(Data section begins)

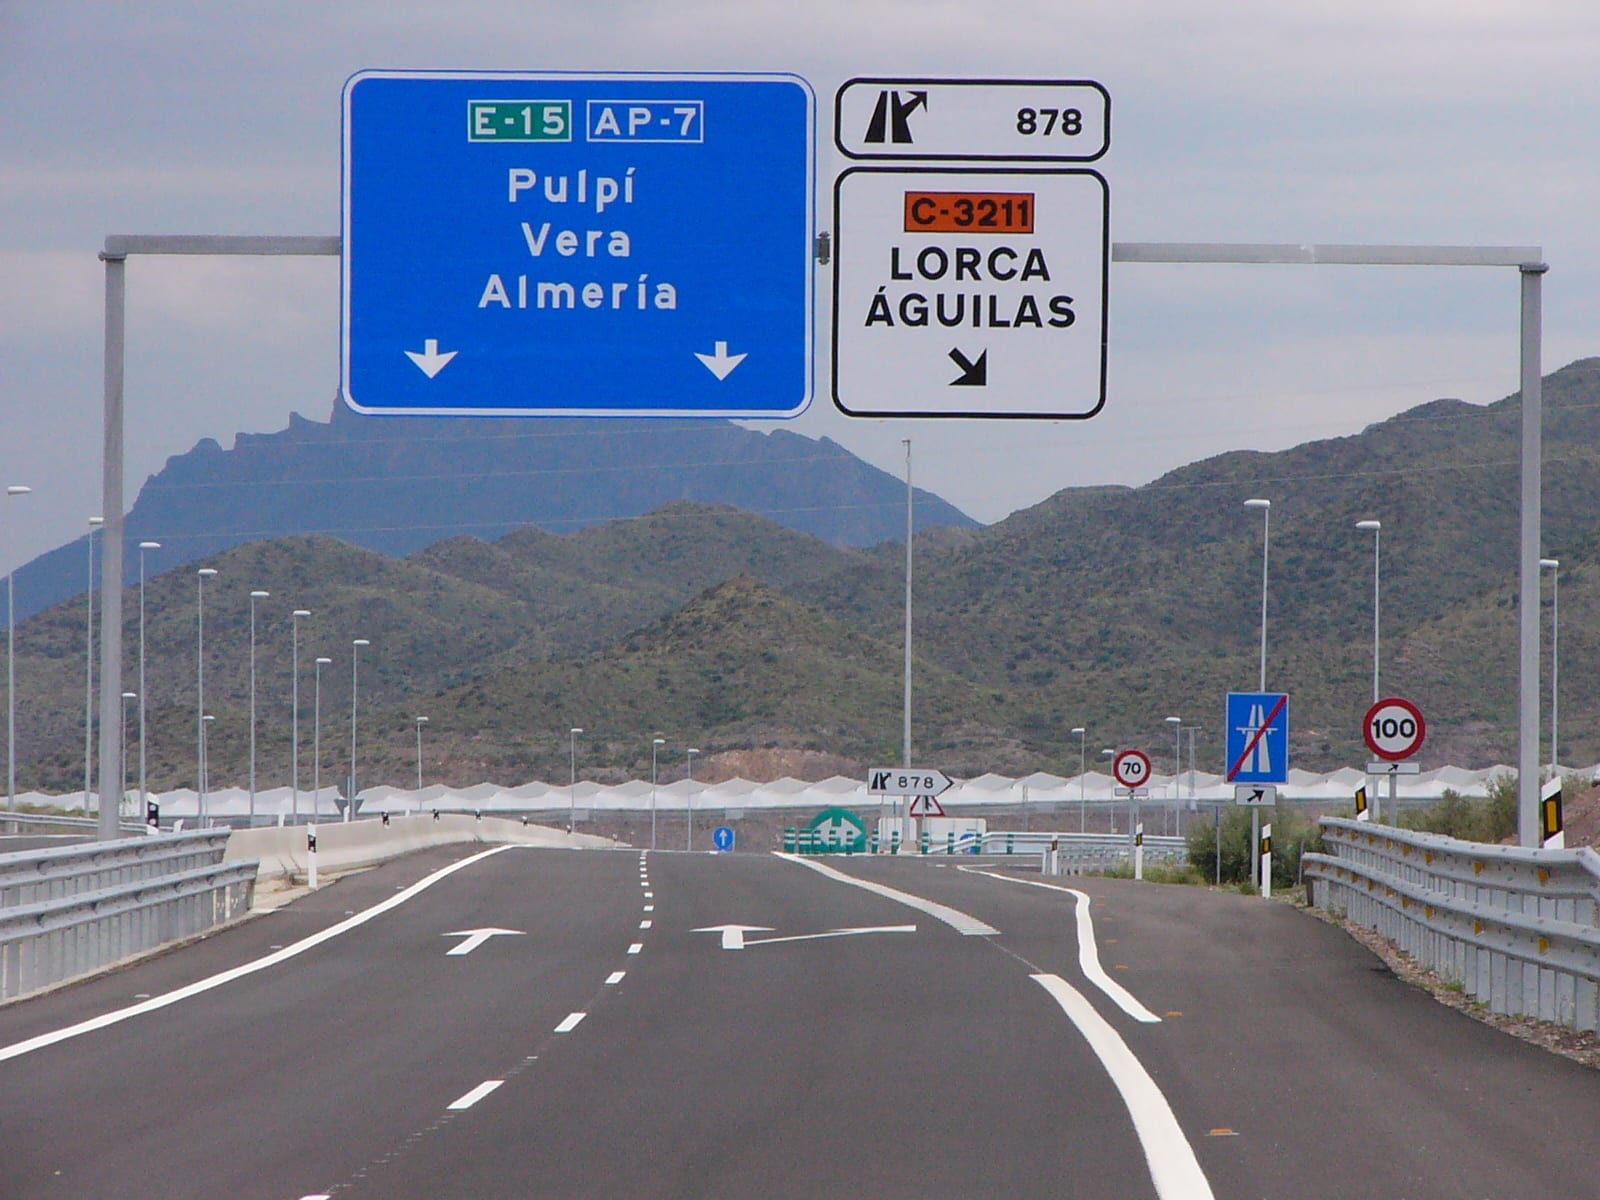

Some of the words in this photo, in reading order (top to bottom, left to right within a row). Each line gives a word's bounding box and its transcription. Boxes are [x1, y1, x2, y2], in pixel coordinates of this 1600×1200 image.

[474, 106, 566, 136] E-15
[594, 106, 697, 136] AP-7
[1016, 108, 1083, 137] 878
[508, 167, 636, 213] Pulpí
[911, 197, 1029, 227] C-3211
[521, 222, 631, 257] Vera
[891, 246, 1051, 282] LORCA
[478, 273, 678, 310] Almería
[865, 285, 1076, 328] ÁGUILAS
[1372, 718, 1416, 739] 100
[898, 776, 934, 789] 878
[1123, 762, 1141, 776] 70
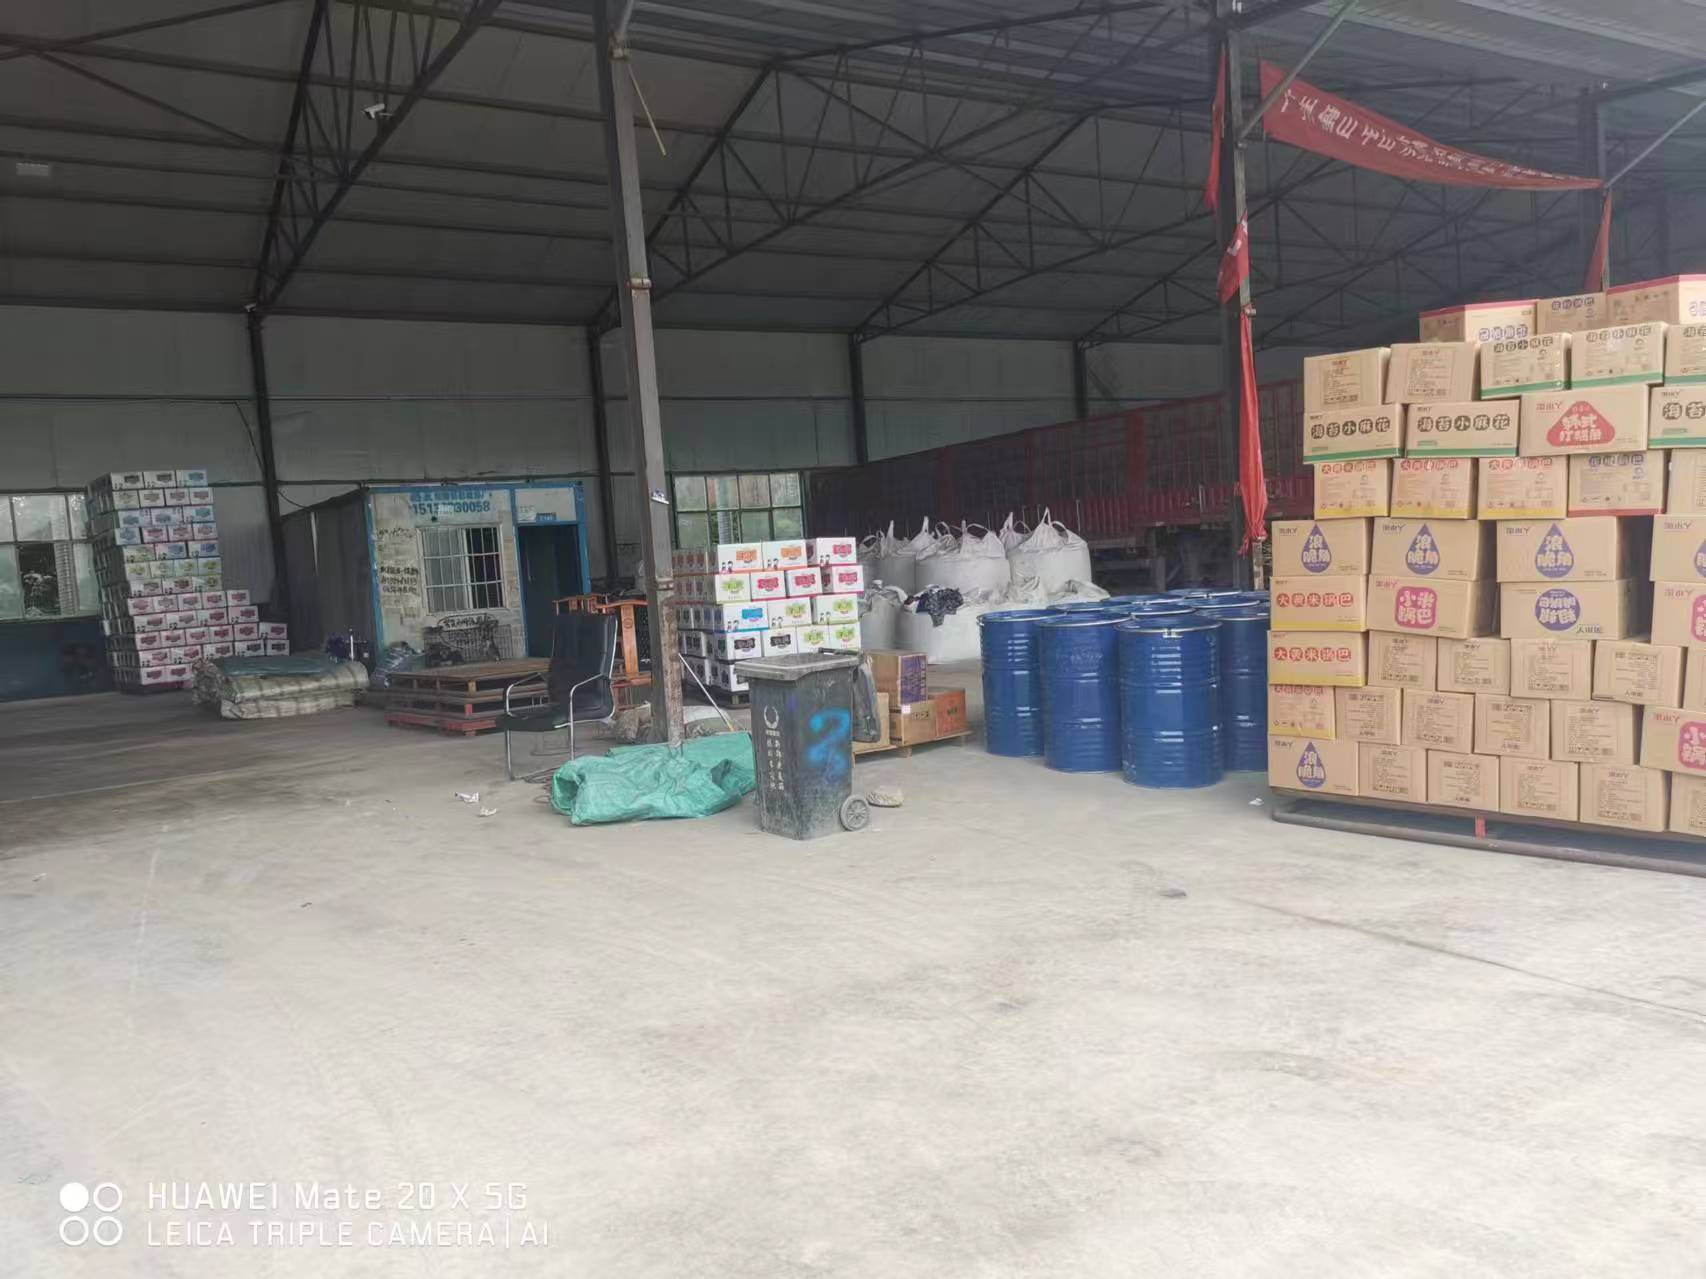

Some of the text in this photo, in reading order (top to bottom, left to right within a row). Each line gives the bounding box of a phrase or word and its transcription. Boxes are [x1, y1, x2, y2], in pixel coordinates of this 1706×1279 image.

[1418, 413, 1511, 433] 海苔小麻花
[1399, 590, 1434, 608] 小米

(Data section ends)

What the task asks » Your answer must hold the line containing "Some of the text" and all lines after it in the entries above, exactly, and nothing else.

Response for this exercise »
Some of the text in this photo, in reading order (top to bottom, left to right within a row). Each line gives the bounding box of a phrase or word and its transcription. Boxes are [x1, y1, x2, y2], in pixel coordinates of this 1706×1279 image.

[1418, 413, 1511, 433] 海苔小麻花
[1399, 590, 1434, 608] 小米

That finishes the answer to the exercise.